• [Description of the task]
Please transcribe the entries that follow exactly as they stand, skipping each picture.

[Collected data]
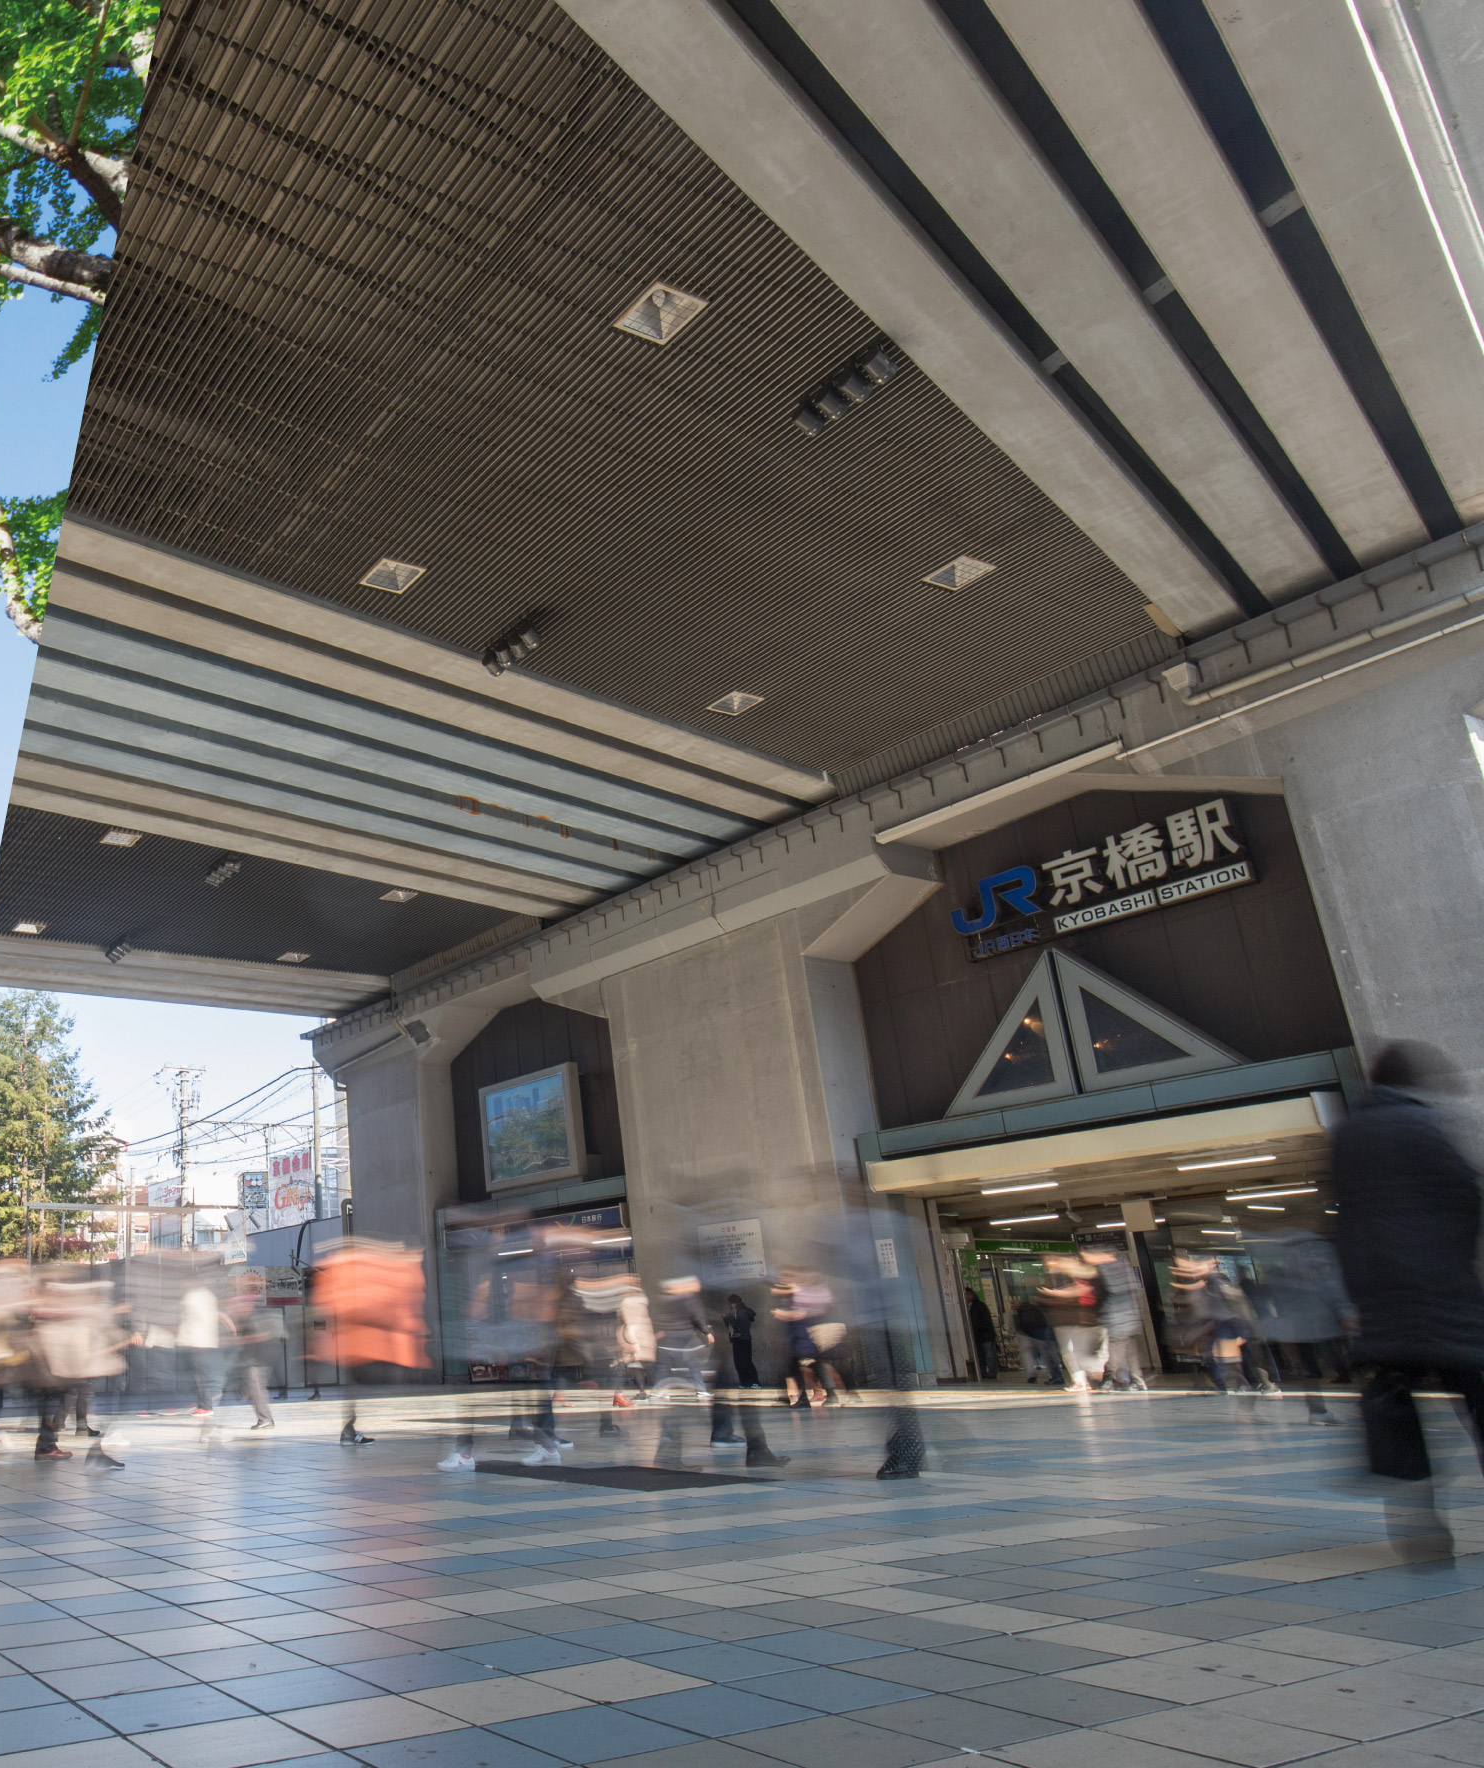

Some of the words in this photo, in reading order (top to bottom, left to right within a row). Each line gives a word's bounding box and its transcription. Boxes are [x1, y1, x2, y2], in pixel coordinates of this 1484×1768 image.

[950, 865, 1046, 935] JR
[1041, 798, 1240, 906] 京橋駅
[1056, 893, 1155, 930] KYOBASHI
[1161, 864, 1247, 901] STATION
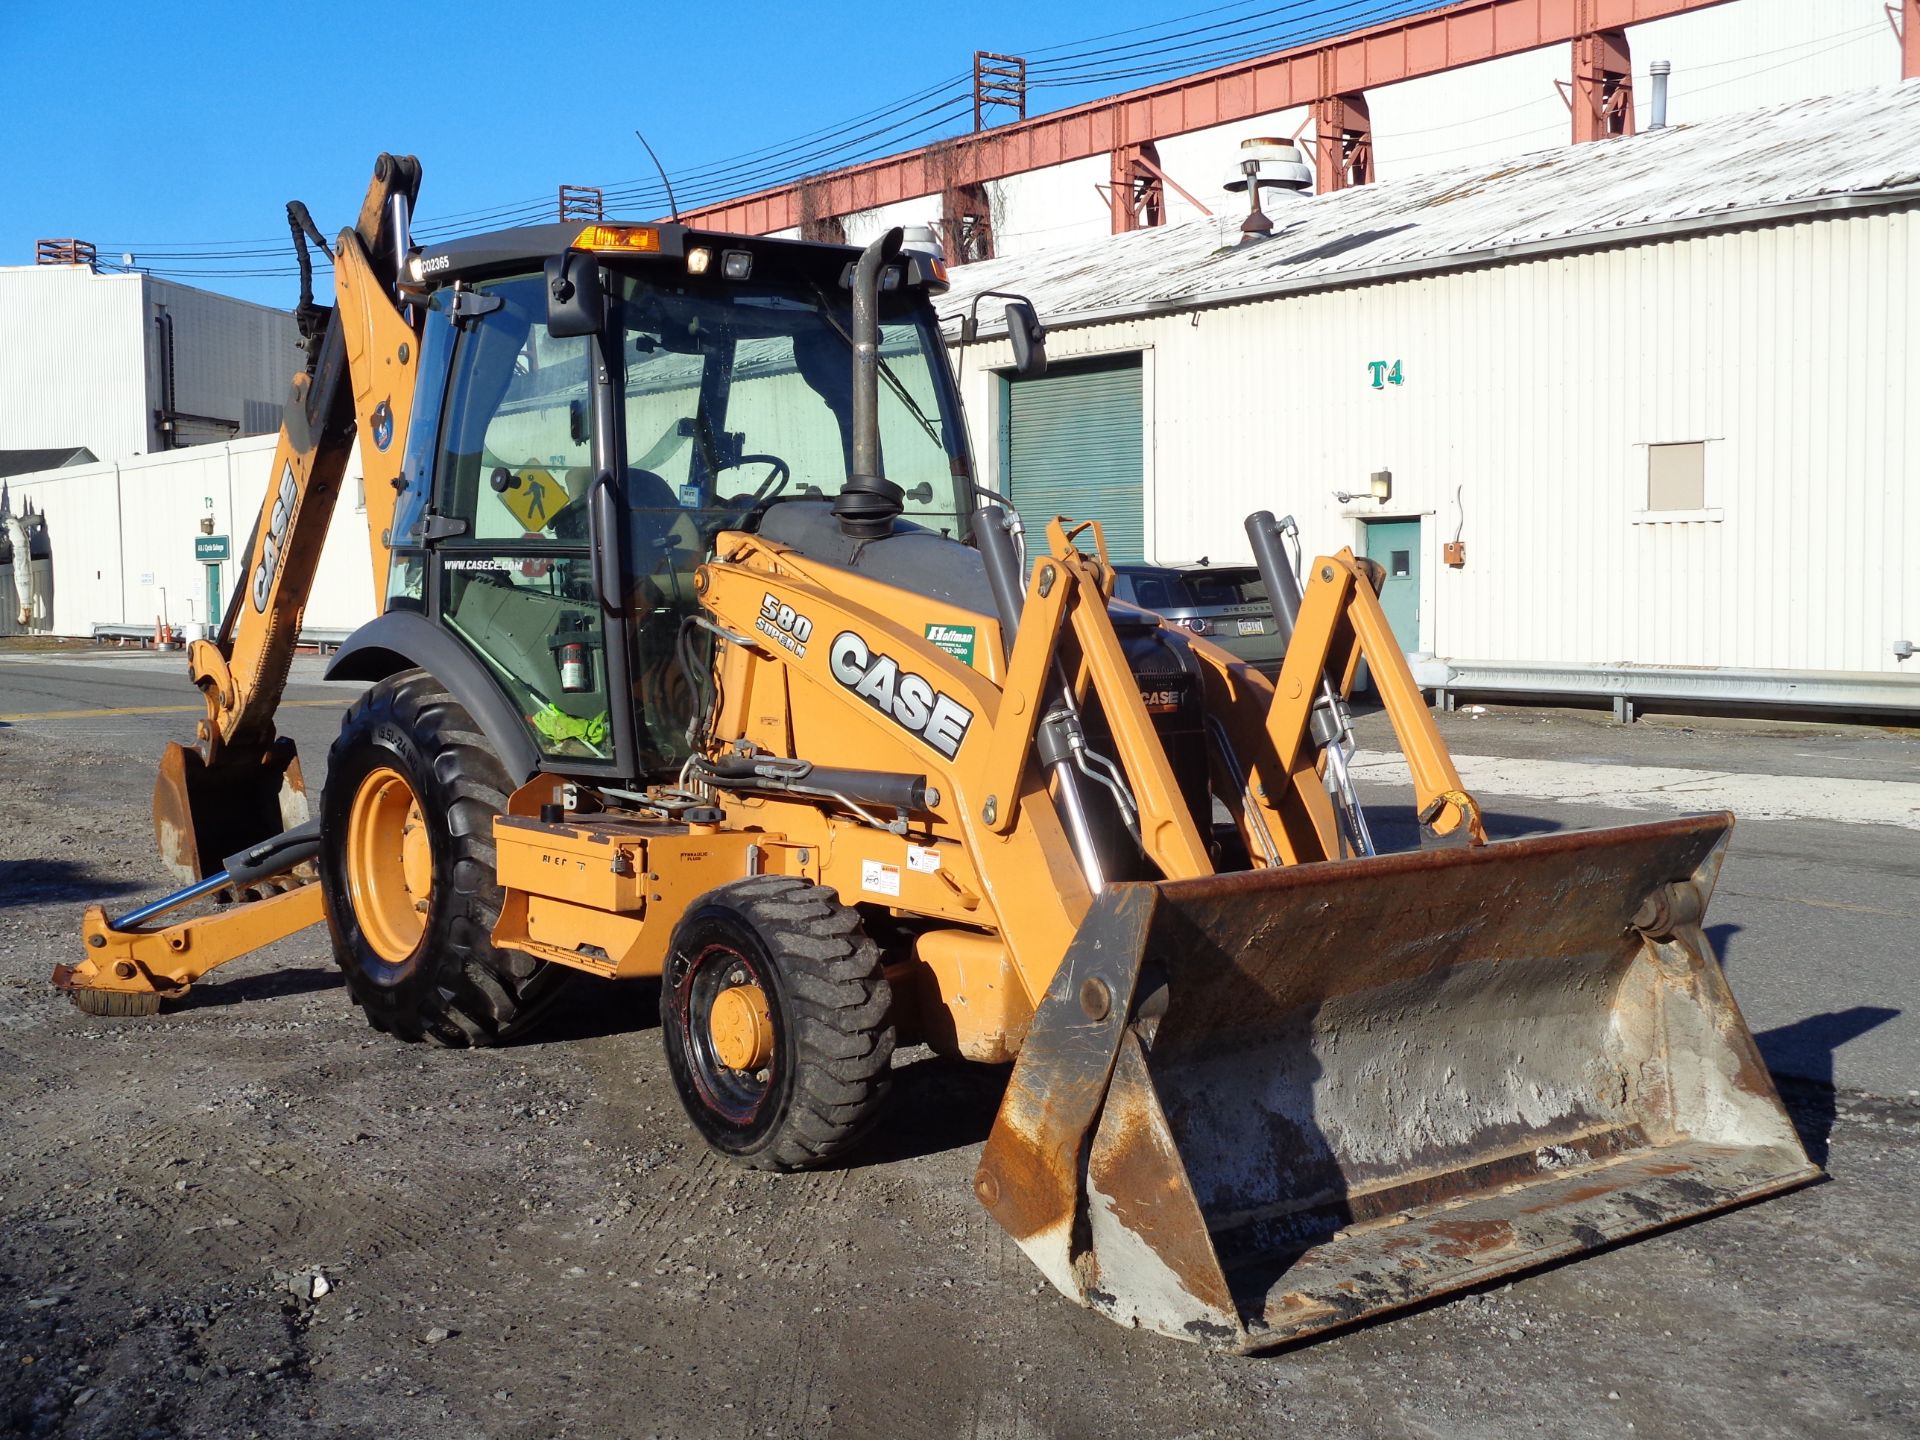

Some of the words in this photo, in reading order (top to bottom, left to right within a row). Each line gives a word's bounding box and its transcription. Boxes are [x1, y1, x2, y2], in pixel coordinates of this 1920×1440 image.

• [Exercise response]
Some of the words in this photo, in reading order (top to bottom, left to right within a row). Each line gives a word's bounding box and its transcription. Boxes are [x1, y1, x2, y2], in pixel coordinates of this 1484×1768 image.

[950, 865, 1046, 935] JR
[1041, 798, 1240, 906] 京橋駅
[1056, 893, 1155, 930] KYOBASHI
[1161, 864, 1247, 901] STATION

Some of the words in this photo, in reading order (top to bottom, left to right within a row). Each line gives a word's bounding box and its transcription. Boxes are [x1, y1, x2, y2], in pixel coordinates of this 1920×1440 image.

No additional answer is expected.